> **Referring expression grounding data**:
- - -
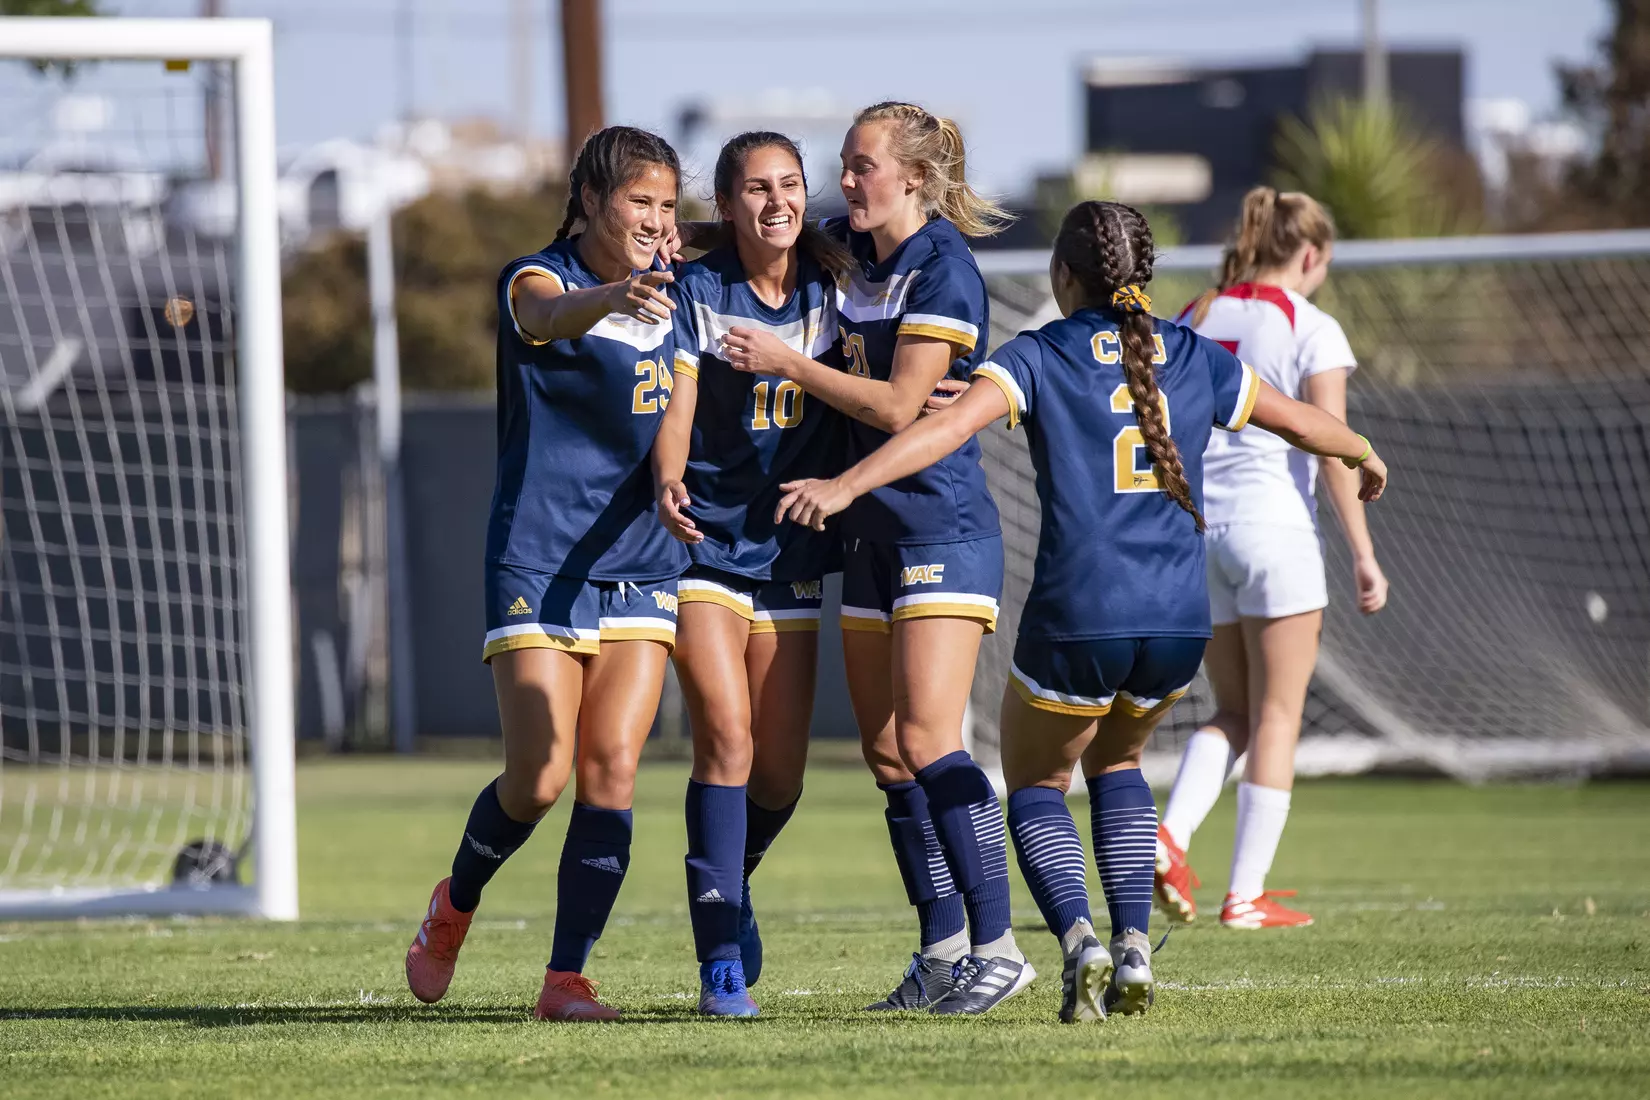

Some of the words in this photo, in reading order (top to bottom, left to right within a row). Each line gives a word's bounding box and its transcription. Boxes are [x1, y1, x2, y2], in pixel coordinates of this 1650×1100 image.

[1090, 330, 1168, 364] CU
[632, 356, 674, 414] 29
[752, 380, 804, 430] 10
[1110, 383, 1171, 493] 2
[790, 581, 823, 599] WA
[901, 564, 945, 587] WAC
[507, 607, 533, 616] adidas
[651, 590, 678, 616] WA
- - -
> **REQUIRED WORK**: Produce a verbatim copy of every entry, excluding pictures.

> **TASK RESULT**:
Some of the words in this photo, in reading order (top to bottom, left to right within a row). Each line gives a word's bounding box and its transcription. Boxes are [x1, y1, x2, y2], in pixel coordinates of this 1650×1100 image.

[1090, 330, 1168, 364] CU
[632, 356, 674, 414] 29
[752, 380, 804, 430] 10
[1110, 383, 1171, 493] 2
[790, 581, 823, 599] WA
[901, 564, 945, 587] WAC
[507, 607, 533, 616] adidas
[651, 590, 678, 616] WA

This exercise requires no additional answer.